* **Task**
When you copy the entries, keep every word exactly as it is and drop the images.

Records from a data source
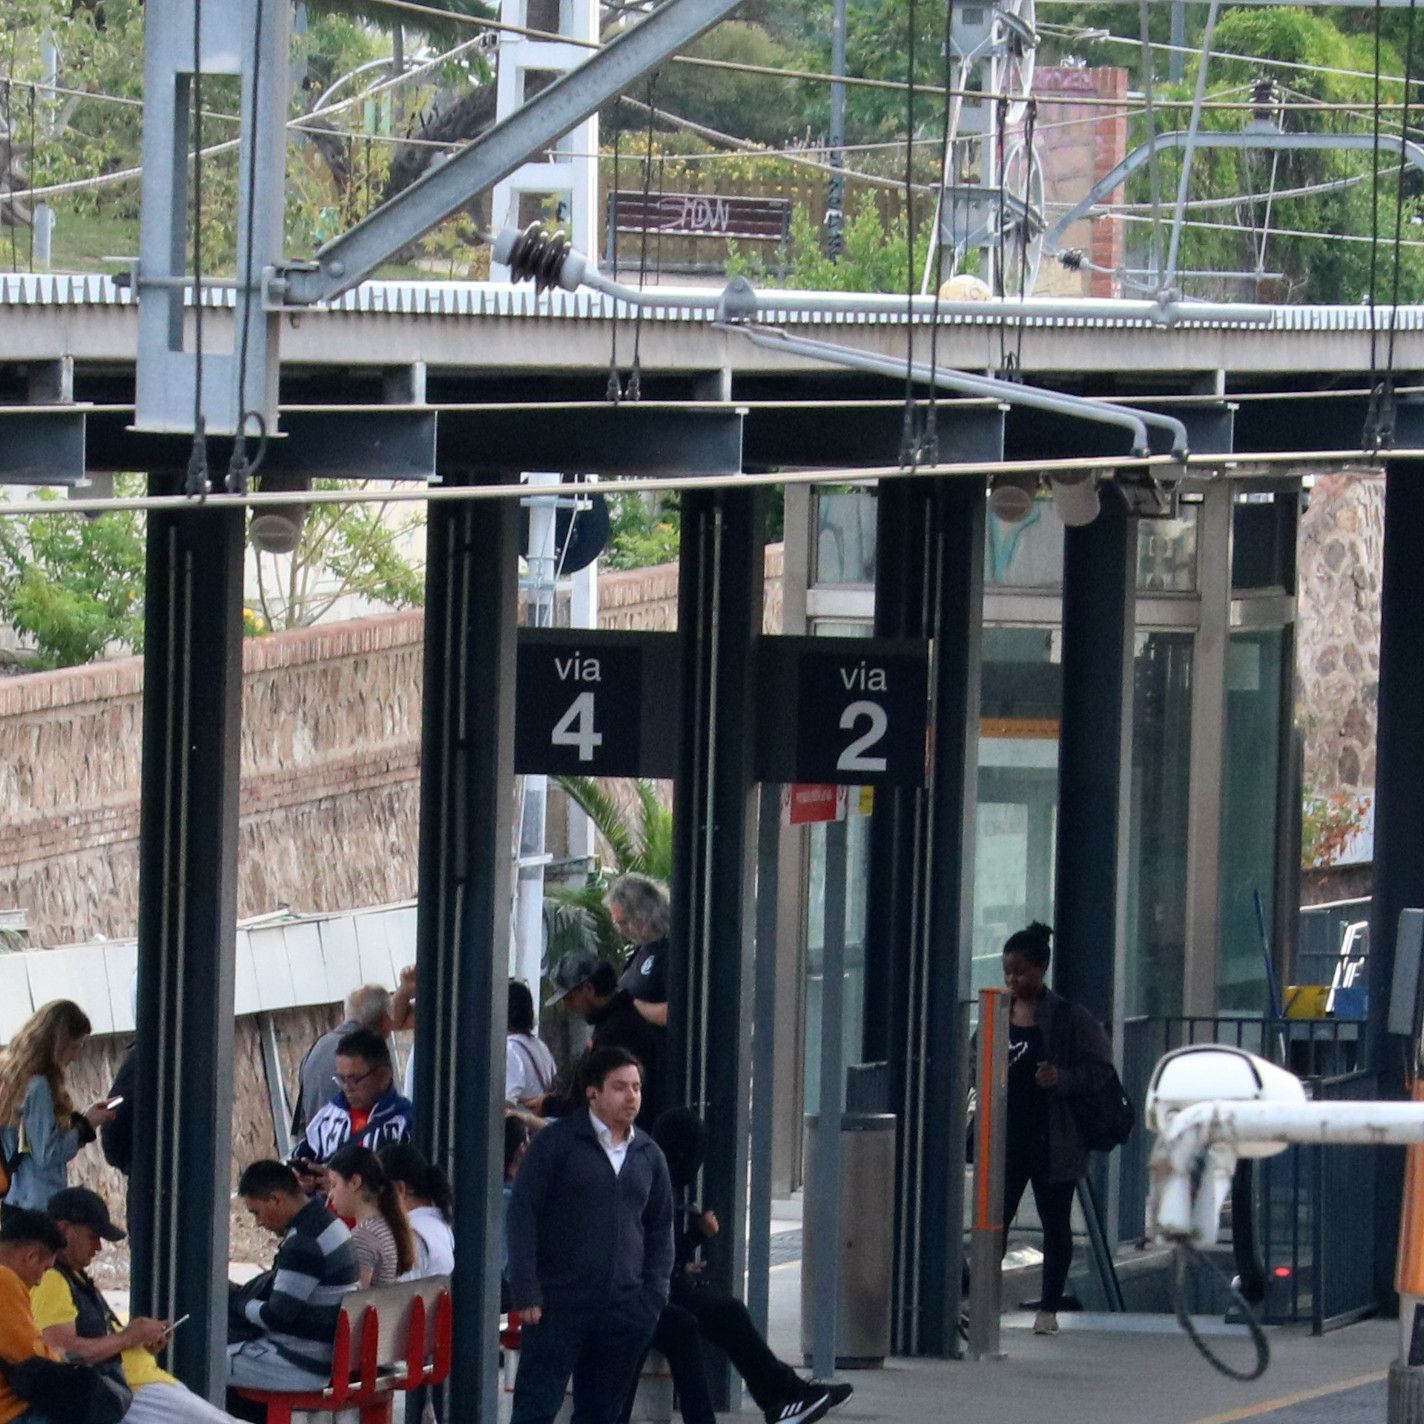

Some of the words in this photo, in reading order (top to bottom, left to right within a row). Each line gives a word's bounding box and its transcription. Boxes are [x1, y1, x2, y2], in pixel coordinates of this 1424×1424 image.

[554, 650, 602, 682] via
[839, 660, 888, 691] via
[551, 691, 602, 761] 4
[836, 700, 887, 771] 2

* **Finished task**
Some of the words in this photo, in reading order (top to bottom, left to right within a row). Each line gives a word's bounding box and its transcription. Boxes are [x1, y1, x2, y2], in pixel coordinates of this 1424×1424 image.

[554, 650, 602, 682] via
[839, 660, 888, 691] via
[551, 691, 602, 761] 4
[836, 700, 887, 771] 2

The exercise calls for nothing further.